> Assignment
Repeat every entry below exactly as given.

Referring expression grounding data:
========
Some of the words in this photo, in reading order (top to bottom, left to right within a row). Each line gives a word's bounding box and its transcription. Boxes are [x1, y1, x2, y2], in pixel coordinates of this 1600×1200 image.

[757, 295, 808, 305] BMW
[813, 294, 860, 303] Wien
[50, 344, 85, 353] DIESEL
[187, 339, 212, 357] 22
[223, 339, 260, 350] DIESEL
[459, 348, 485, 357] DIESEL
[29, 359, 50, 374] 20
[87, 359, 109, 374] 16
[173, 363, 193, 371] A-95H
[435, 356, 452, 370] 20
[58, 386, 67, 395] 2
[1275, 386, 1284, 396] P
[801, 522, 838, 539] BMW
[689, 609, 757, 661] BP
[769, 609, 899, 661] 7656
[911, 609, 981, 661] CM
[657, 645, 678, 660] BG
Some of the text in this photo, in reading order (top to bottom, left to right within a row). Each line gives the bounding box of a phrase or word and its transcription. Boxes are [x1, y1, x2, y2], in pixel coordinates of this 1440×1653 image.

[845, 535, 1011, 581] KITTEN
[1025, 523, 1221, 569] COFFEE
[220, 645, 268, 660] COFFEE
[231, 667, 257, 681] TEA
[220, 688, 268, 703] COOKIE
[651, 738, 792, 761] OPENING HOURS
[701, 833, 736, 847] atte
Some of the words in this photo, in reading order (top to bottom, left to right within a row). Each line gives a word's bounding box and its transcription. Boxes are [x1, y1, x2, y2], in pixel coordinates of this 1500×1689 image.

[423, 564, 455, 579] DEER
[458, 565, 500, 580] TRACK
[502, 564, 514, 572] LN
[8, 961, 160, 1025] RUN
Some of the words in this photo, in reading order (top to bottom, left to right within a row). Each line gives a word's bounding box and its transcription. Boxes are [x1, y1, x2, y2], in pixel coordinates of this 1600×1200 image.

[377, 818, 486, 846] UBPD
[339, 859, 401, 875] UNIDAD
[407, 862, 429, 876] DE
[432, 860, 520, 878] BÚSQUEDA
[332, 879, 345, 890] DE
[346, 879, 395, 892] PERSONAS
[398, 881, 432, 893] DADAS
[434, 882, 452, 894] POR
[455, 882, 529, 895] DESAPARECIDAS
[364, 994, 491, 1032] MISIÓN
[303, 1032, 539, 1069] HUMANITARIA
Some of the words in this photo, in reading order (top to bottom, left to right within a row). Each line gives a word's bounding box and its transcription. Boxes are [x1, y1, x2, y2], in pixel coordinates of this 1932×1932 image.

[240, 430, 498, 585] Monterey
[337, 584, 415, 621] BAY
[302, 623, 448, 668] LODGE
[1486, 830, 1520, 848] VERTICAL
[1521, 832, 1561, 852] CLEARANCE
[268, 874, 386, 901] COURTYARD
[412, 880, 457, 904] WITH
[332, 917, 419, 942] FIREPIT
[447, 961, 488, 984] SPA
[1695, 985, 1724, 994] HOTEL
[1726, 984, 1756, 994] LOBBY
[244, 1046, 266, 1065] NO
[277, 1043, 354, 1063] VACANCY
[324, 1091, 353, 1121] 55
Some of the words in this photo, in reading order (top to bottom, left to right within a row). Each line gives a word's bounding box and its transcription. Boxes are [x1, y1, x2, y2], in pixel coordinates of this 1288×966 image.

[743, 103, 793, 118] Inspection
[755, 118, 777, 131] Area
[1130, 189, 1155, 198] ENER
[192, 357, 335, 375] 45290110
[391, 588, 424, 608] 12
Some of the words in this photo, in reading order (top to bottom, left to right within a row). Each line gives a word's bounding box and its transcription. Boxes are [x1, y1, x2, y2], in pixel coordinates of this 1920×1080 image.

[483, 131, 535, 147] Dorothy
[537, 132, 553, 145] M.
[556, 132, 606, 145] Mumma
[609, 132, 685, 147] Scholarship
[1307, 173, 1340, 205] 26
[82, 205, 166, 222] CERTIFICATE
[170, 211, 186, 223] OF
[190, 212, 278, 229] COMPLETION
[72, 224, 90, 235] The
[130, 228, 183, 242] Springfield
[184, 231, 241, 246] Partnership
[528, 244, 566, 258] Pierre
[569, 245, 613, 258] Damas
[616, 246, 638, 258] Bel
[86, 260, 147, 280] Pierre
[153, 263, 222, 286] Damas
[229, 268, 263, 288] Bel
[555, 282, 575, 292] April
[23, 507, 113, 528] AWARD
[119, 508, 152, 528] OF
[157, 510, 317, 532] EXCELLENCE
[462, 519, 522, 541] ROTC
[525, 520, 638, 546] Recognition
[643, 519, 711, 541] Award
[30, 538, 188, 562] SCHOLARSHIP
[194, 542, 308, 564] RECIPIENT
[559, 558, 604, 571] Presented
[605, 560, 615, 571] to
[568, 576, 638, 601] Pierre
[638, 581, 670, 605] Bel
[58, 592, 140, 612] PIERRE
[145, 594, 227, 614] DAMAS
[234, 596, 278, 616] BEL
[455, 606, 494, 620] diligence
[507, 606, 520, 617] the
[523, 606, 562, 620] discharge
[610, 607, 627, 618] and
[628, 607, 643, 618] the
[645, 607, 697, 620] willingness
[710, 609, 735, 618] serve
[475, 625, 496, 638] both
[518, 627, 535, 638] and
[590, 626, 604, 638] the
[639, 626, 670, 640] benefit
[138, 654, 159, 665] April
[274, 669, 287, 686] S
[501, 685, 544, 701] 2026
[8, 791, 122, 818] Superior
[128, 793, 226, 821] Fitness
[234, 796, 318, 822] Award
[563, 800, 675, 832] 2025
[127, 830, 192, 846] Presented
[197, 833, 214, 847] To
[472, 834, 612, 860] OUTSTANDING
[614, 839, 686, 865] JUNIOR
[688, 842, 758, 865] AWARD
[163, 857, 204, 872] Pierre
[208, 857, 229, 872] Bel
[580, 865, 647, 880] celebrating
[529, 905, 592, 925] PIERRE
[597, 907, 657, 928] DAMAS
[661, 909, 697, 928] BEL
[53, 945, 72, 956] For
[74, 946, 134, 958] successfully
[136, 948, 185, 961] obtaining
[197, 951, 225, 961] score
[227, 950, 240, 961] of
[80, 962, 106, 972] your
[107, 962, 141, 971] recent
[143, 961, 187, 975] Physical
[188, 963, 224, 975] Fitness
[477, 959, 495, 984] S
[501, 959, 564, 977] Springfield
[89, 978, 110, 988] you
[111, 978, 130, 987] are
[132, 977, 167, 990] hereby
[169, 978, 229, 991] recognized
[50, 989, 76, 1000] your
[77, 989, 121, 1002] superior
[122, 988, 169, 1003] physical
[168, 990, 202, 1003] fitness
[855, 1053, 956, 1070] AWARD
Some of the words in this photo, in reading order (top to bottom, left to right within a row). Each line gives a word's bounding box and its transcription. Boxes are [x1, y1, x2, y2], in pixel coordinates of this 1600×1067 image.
========
> Your solution
Some of the words in this photo, in reading order (top to bottom, left to right within a row). Each line gives a word's bounding box and its transcription. Boxes are [x1, y1, x2, y2], in pixel coordinates of this 1600×1200 image.

[757, 295, 808, 305] BMW
[813, 294, 860, 303] Wien
[50, 344, 85, 353] DIESEL
[187, 339, 212, 357] 22
[223, 339, 260, 350] DIESEL
[459, 348, 485, 357] DIESEL
[29, 359, 50, 374] 20
[87, 359, 109, 374] 16
[173, 363, 193, 371] A-95H
[435, 356, 452, 370] 20
[58, 386, 67, 395] 2
[1275, 386, 1284, 396] P
[801, 522, 838, 539] BMW
[689, 609, 757, 661] BP
[769, 609, 899, 661] 7656
[911, 609, 981, 661] CM
[657, 645, 678, 660] BG
Some of the text in this photo, in reading order (top to bottom, left to right within a row). Each line gives the bounding box of a phrase or word and its transcription. Boxes are [x1, y1, x2, y2], in pixel coordinates of this 1440×1653 image.

[845, 535, 1011, 581] KITTEN
[1025, 523, 1221, 569] COFFEE
[220, 645, 268, 660] COFFEE
[231, 667, 257, 681] TEA
[220, 688, 268, 703] COOKIE
[651, 738, 792, 761] OPENING HOURS
[701, 833, 736, 847] atte
Some of the words in this photo, in reading order (top to bottom, left to right within a row). Each line gives a word's bounding box and its transcription. Boxes are [x1, y1, x2, y2], in pixel coordinates of this 1500×1689 image.

[423, 564, 455, 579] DEER
[458, 565, 500, 580] TRACK
[502, 564, 514, 572] LN
[8, 961, 160, 1025] RUN
Some of the words in this photo, in reading order (top to bottom, left to right within a row). Each line gives a word's bounding box and its transcription. Boxes are [x1, y1, x2, y2], in pixel coordinates of this 1600×1200 image.

[377, 818, 486, 846] UBPD
[339, 859, 401, 875] UNIDAD
[407, 862, 429, 876] DE
[432, 860, 520, 878] BÚSQUEDA
[332, 879, 345, 890] DE
[346, 879, 395, 892] PERSONAS
[398, 881, 432, 893] DADAS
[434, 882, 452, 894] POR
[455, 882, 529, 895] DESAPARECIDAS
[364, 994, 491, 1032] MISIÓN
[303, 1032, 539, 1069] HUMANITARIA
Some of the words in this photo, in reading order (top to bottom, left to right within a row). Each line gives a word's bounding box and its transcription. Boxes are [x1, y1, x2, y2], in pixel coordinates of this 1932×1932 image.

[240, 430, 498, 585] Monterey
[337, 584, 415, 621] BAY
[302, 623, 448, 668] LODGE
[1486, 830, 1520, 848] VERTICAL
[1521, 832, 1561, 852] CLEARANCE
[268, 874, 386, 901] COURTYARD
[412, 880, 457, 904] WITH
[332, 917, 419, 942] FIREPIT
[447, 961, 488, 984] SPA
[1695, 985, 1724, 994] HOTEL
[1726, 984, 1756, 994] LOBBY
[244, 1046, 266, 1065] NO
[277, 1043, 354, 1063] VACANCY
[324, 1091, 353, 1121] 55
Some of the words in this photo, in reading order (top to bottom, left to right within a row). Each line gives a word's bounding box and its transcription. Boxes are [x1, y1, x2, y2], in pixel coordinates of this 1288×966 image.

[743, 103, 793, 118] Inspection
[755, 118, 777, 131] Area
[1130, 189, 1155, 198] ENER
[192, 357, 335, 375] 45290110
[391, 588, 424, 608] 12
Some of the words in this photo, in reading order (top to bottom, left to right within a row). Each line gives a word's bounding box and its transcription. Boxes are [x1, y1, x2, y2], in pixel coordinates of this 1920×1080 image.

[483, 131, 535, 147] Dorothy
[537, 132, 553, 145] M.
[556, 132, 606, 145] Mumma
[609, 132, 685, 147] Scholarship
[1307, 173, 1340, 205] 26
[82, 205, 166, 222] CERTIFICATE
[170, 211, 186, 223] OF
[190, 212, 278, 229] COMPLETION
[72, 224, 90, 235] The
[130, 228, 183, 242] Springfield
[184, 231, 241, 246] Partnership
[528, 244, 566, 258] Pierre
[569, 245, 613, 258] Damas
[616, 246, 638, 258] Bel
[86, 260, 147, 280] Pierre
[153, 263, 222, 286] Damas
[229, 268, 263, 288] Bel
[555, 282, 575, 292] April
[23, 507, 113, 528] AWARD
[119, 508, 152, 528] OF
[157, 510, 317, 532] EXCELLENCE
[462, 519, 522, 541] ROTC
[525, 520, 638, 546] Recognition
[643, 519, 711, 541] Award
[30, 538, 188, 562] SCHOLARSHIP
[194, 542, 308, 564] RECIPIENT
[559, 558, 604, 571] Presented
[605, 560, 615, 571] to
[568, 576, 638, 601] Pierre
[638, 581, 670, 605] Bel
[58, 592, 140, 612] PIERRE
[145, 594, 227, 614] DAMAS
[234, 596, 278, 616] BEL
[455, 606, 494, 620] diligence
[507, 606, 520, 617] the
[523, 606, 562, 620] discharge
[610, 607, 627, 618] and
[628, 607, 643, 618] the
[645, 607, 697, 620] willingness
[710, 609, 735, 618] serve
[475, 625, 496, 638] both
[518, 627, 535, 638] and
[590, 626, 604, 638] the
[639, 626, 670, 640] benefit
[138, 654, 159, 665] April
[274, 669, 287, 686] S
[501, 685, 544, 701] 2026
[8, 791, 122, 818] Superior
[128, 793, 226, 821] Fitness
[234, 796, 318, 822] Award
[563, 800, 675, 832] 2025
[127, 830, 192, 846] Presented
[197, 833, 214, 847] To
[472, 834, 612, 860] OUTSTANDING
[614, 839, 686, 865] JUNIOR
[688, 842, 758, 865] AWARD
[163, 857, 204, 872] Pierre
[208, 857, 229, 872] Bel
[580, 865, 647, 880] celebrating
[529, 905, 592, 925] PIERRE
[597, 907, 657, 928] DAMAS
[661, 909, 697, 928] BEL
[53, 945, 72, 956] For
[74, 946, 134, 958] successfully
[136, 948, 185, 961] obtaining
[197, 951, 225, 961] score
[227, 950, 240, 961] of
[80, 962, 106, 972] your
[107, 962, 141, 971] recent
[143, 961, 187, 975] Physical
[188, 963, 224, 975] Fitness
[477, 959, 495, 984] S
[501, 959, 564, 977] Springfield
[89, 978, 110, 988] you
[111, 978, 130, 987] are
[132, 977, 167, 990] hereby
[169, 978, 229, 991] recognized
[50, 989, 76, 1000] your
[77, 989, 121, 1002] superior
[122, 988, 169, 1003] physical
[168, 990, 202, 1003] fitness
[855, 1053, 956, 1070] AWARD
Some of the words in this photo, in reading order (top to bottom, left to right within a row). Each line gives a word's bounding box and its transcription. Boxes are [x1, y1, x2, y2], in pixel coordinates of this 1600×1067 image.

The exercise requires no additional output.